Write out the data that follows exactly, keeping every picture out.

[Saved entries]
------------------------
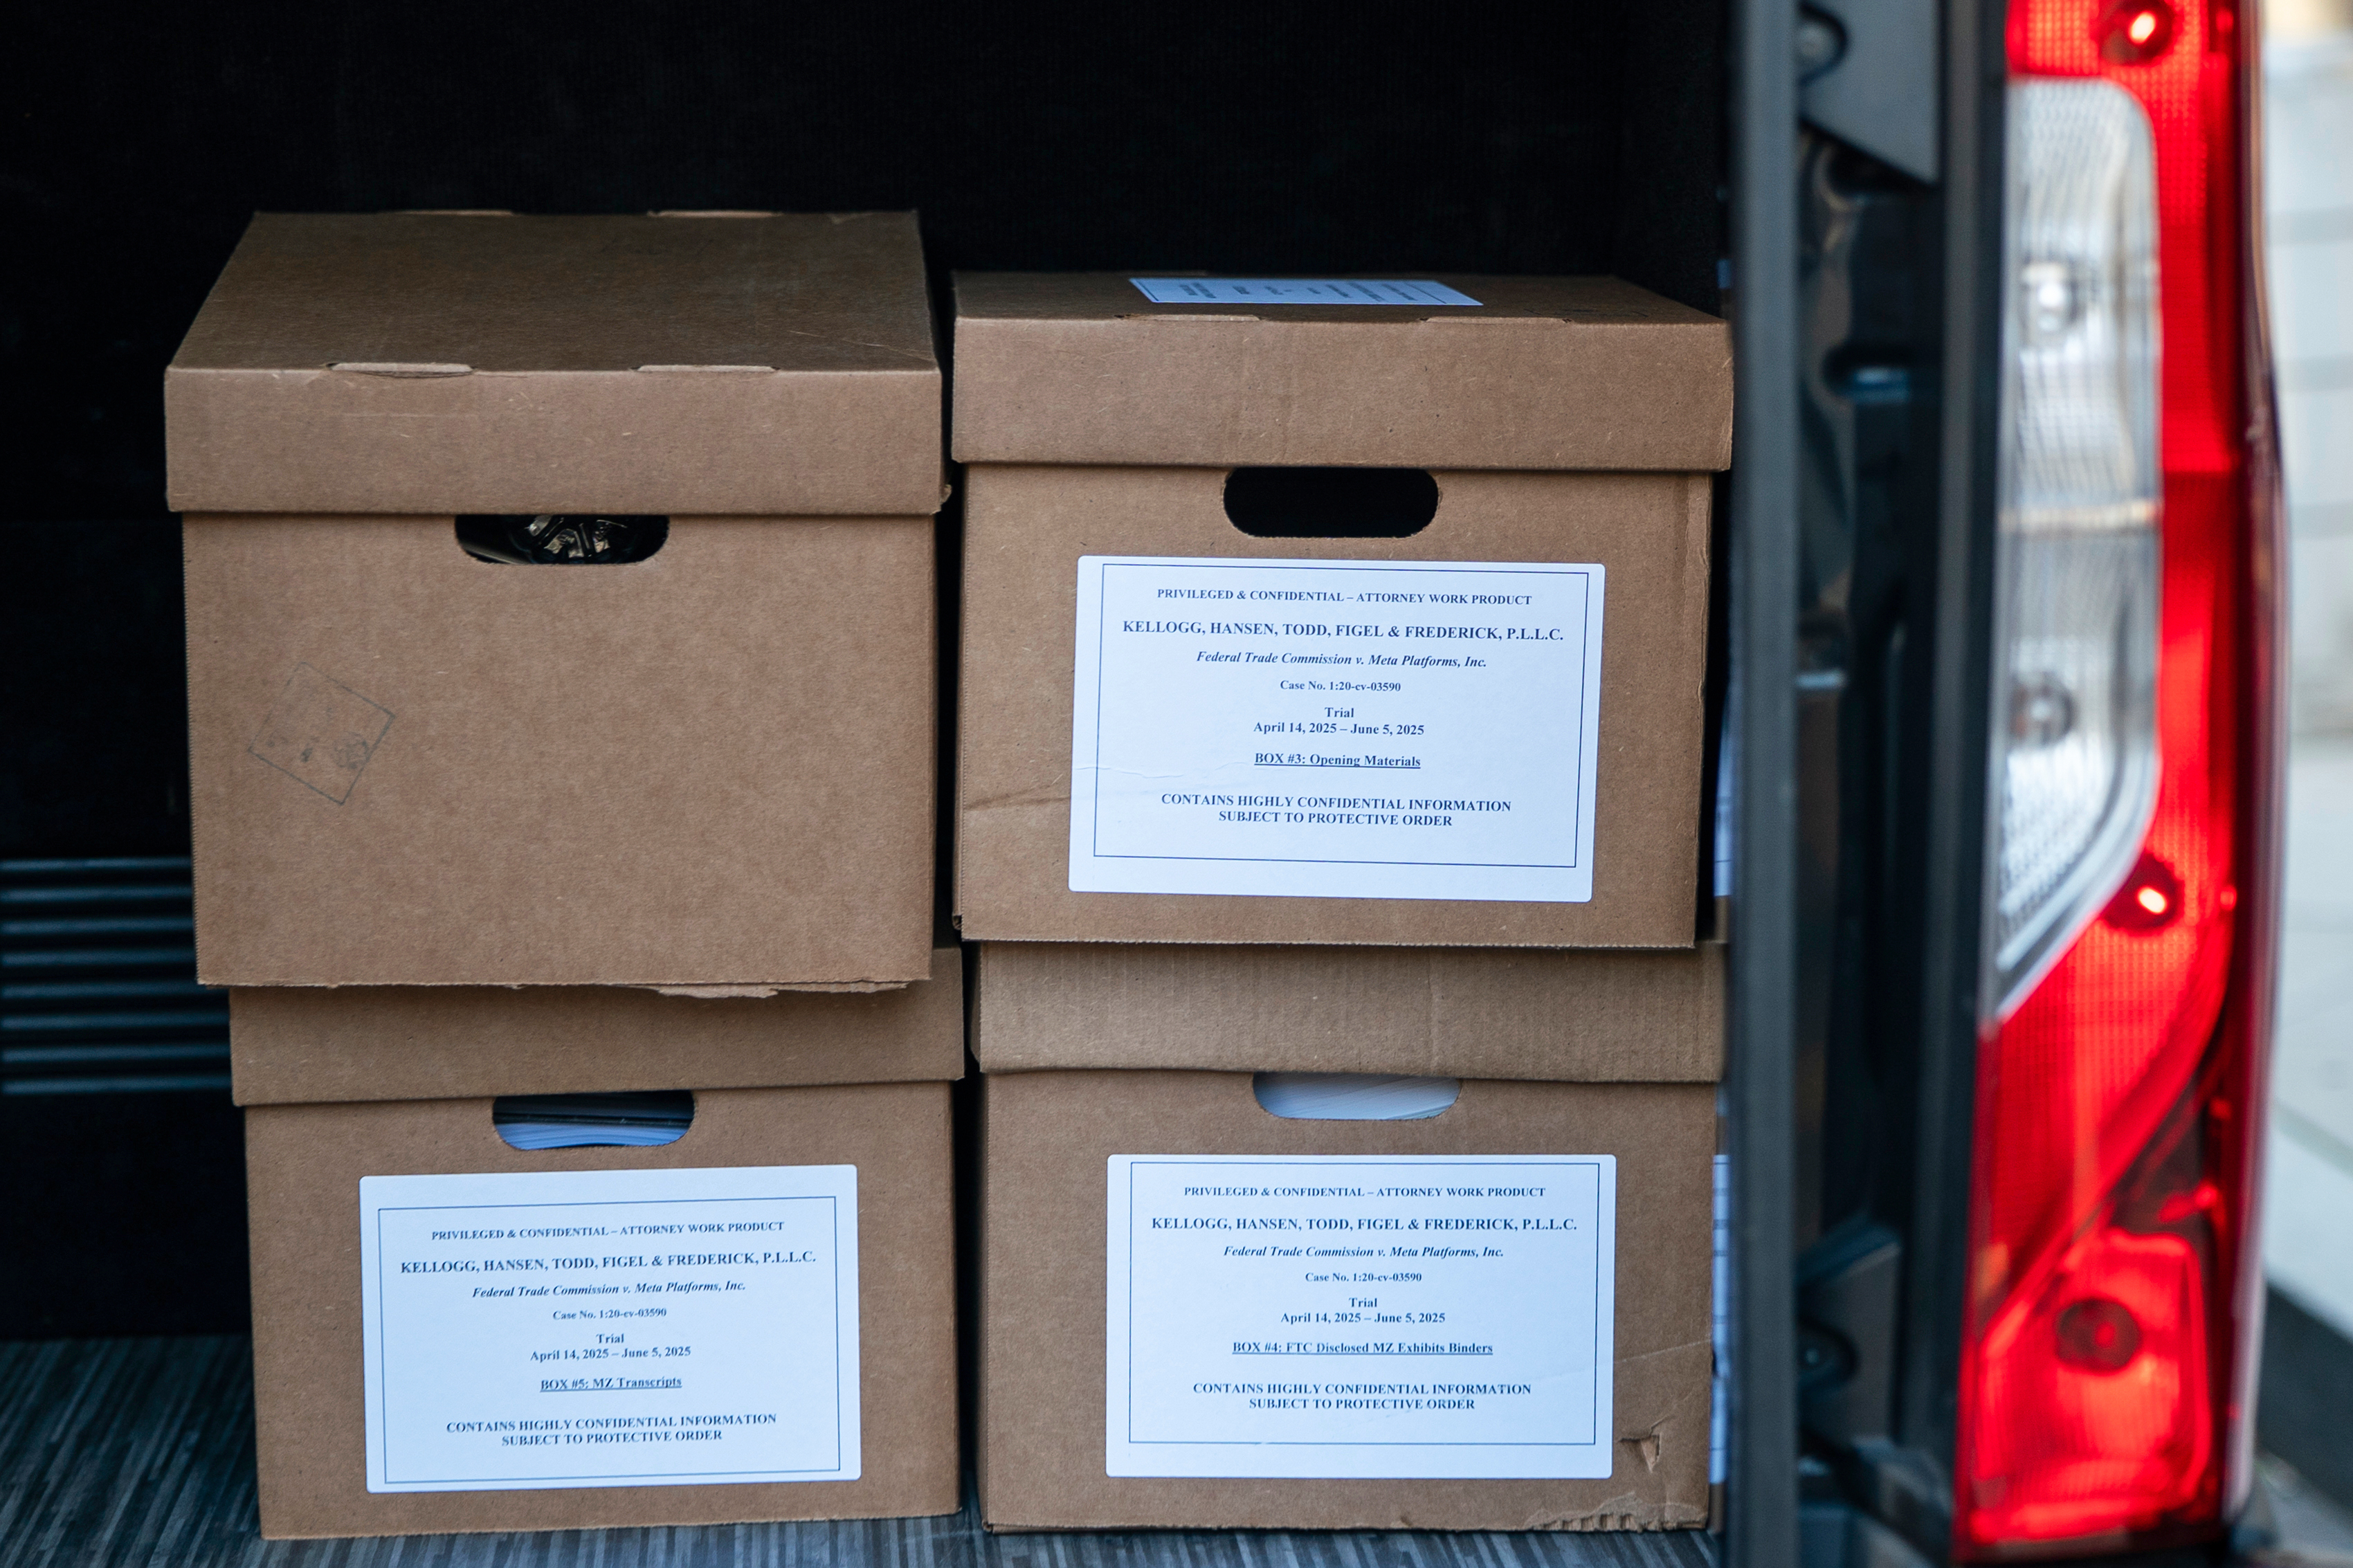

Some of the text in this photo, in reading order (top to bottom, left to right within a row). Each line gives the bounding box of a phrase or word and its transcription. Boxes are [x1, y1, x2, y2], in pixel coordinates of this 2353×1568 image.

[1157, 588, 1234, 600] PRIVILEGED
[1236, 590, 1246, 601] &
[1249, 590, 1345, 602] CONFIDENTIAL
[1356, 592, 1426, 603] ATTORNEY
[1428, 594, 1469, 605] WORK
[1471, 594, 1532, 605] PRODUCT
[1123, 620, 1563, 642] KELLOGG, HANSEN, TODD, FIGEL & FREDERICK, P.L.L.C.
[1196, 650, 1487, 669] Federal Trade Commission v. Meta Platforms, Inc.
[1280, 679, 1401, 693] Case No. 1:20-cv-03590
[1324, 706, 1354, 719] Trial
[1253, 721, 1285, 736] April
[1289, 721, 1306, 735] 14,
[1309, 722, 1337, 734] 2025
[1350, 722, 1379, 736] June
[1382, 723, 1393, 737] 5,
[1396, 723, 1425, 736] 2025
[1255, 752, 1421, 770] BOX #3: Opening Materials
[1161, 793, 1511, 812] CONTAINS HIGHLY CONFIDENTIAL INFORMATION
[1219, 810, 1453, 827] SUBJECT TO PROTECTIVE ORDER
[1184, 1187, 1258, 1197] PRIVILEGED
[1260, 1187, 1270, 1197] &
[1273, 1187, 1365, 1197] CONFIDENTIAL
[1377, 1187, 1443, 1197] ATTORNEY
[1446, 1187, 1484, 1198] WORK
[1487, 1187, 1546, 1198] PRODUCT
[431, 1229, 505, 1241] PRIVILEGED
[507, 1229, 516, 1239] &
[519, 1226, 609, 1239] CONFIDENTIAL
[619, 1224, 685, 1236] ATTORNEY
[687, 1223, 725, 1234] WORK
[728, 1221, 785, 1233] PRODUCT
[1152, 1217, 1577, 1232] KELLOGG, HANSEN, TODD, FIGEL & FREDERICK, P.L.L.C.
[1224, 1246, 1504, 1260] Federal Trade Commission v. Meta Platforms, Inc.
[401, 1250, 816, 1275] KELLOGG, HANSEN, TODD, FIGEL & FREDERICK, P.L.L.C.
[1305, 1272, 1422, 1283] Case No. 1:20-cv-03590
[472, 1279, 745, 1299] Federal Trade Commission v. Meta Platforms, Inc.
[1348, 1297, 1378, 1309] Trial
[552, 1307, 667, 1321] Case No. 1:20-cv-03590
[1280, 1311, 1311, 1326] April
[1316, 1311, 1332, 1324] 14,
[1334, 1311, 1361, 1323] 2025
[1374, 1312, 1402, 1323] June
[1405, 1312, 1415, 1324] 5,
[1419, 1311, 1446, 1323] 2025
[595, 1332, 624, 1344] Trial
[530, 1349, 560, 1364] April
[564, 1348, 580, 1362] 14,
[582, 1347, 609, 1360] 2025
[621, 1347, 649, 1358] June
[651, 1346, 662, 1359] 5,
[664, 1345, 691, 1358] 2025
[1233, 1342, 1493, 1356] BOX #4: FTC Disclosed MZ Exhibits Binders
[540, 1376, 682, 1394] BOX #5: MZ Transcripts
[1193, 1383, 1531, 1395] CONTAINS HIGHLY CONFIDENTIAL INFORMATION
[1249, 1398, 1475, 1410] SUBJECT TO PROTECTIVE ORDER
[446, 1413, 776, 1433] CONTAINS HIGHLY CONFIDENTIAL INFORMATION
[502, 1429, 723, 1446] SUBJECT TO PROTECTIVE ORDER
------------------------
» **OUTPUT BELOW**
Some of the text in this photo, in reading order (top to bottom, left to right within a row). Each line gives the bounding box of a phrase or word and its transcription. Boxes are [x1, y1, x2, y2], in pixel coordinates of this 2353×1568 image.

[1157, 588, 1234, 600] PRIVILEGED
[1236, 590, 1246, 601] &
[1249, 590, 1345, 602] CONFIDENTIAL
[1356, 592, 1426, 603] ATTORNEY
[1428, 594, 1469, 605] WORK
[1471, 594, 1532, 605] PRODUCT
[1123, 620, 1563, 642] KELLOGG, HANSEN, TODD, FIGEL & FREDERICK, P.L.L.C.
[1196, 650, 1487, 669] Federal Trade Commission v. Meta Platforms, Inc.
[1280, 679, 1401, 693] Case No. 1:20-cv-03590
[1324, 706, 1354, 719] Trial
[1253, 721, 1285, 736] April
[1289, 721, 1306, 735] 14,
[1309, 722, 1337, 734] 2025
[1350, 722, 1379, 736] June
[1382, 723, 1393, 737] 5,
[1396, 723, 1425, 736] 2025
[1255, 752, 1421, 770] BOX #3: Opening Materials
[1161, 793, 1511, 812] CONTAINS HIGHLY CONFIDENTIAL INFORMATION
[1219, 810, 1453, 827] SUBJECT TO PROTECTIVE ORDER
[1184, 1187, 1258, 1197] PRIVILEGED
[1260, 1187, 1270, 1197] &
[1273, 1187, 1365, 1197] CONFIDENTIAL
[1377, 1187, 1443, 1197] ATTORNEY
[1446, 1187, 1484, 1198] WORK
[1487, 1187, 1546, 1198] PRODUCT
[431, 1229, 505, 1241] PRIVILEGED
[507, 1229, 516, 1239] &
[519, 1226, 609, 1239] CONFIDENTIAL
[619, 1224, 685, 1236] ATTORNEY
[687, 1223, 725, 1234] WORK
[728, 1221, 785, 1233] PRODUCT
[1152, 1217, 1577, 1232] KELLOGG, HANSEN, TODD, FIGEL & FREDERICK, P.L.L.C.
[1224, 1246, 1504, 1260] Federal Trade Commission v. Meta Platforms, Inc.
[401, 1250, 816, 1275] KELLOGG, HANSEN, TODD, FIGEL & FREDERICK, P.L.L.C.
[1305, 1272, 1422, 1283] Case No. 1:20-cv-03590
[472, 1279, 745, 1299] Federal Trade Commission v. Meta Platforms, Inc.
[1348, 1297, 1378, 1309] Trial
[552, 1307, 667, 1321] Case No. 1:20-cv-03590
[1280, 1311, 1311, 1326] April
[1316, 1311, 1332, 1324] 14,
[1334, 1311, 1361, 1323] 2025
[1374, 1312, 1402, 1323] June
[1405, 1312, 1415, 1324] 5,
[1419, 1311, 1446, 1323] 2025
[595, 1332, 624, 1344] Trial
[530, 1349, 560, 1364] April
[564, 1348, 580, 1362] 14,
[582, 1347, 609, 1360] 2025
[621, 1347, 649, 1358] June
[651, 1346, 662, 1359] 5,
[664, 1345, 691, 1358] 2025
[1233, 1342, 1493, 1356] BOX #4: FTC Disclosed MZ Exhibits Binders
[540, 1376, 682, 1394] BOX #5: MZ Transcripts
[1193, 1383, 1531, 1395] CONTAINS HIGHLY CONFIDENTIAL INFORMATION
[1249, 1398, 1475, 1410] SUBJECT TO PROTECTIVE ORDER
[446, 1413, 776, 1433] CONTAINS HIGHLY CONFIDENTIAL INFORMATION
[502, 1429, 723, 1446] SUBJECT TO PROTECTIVE ORDER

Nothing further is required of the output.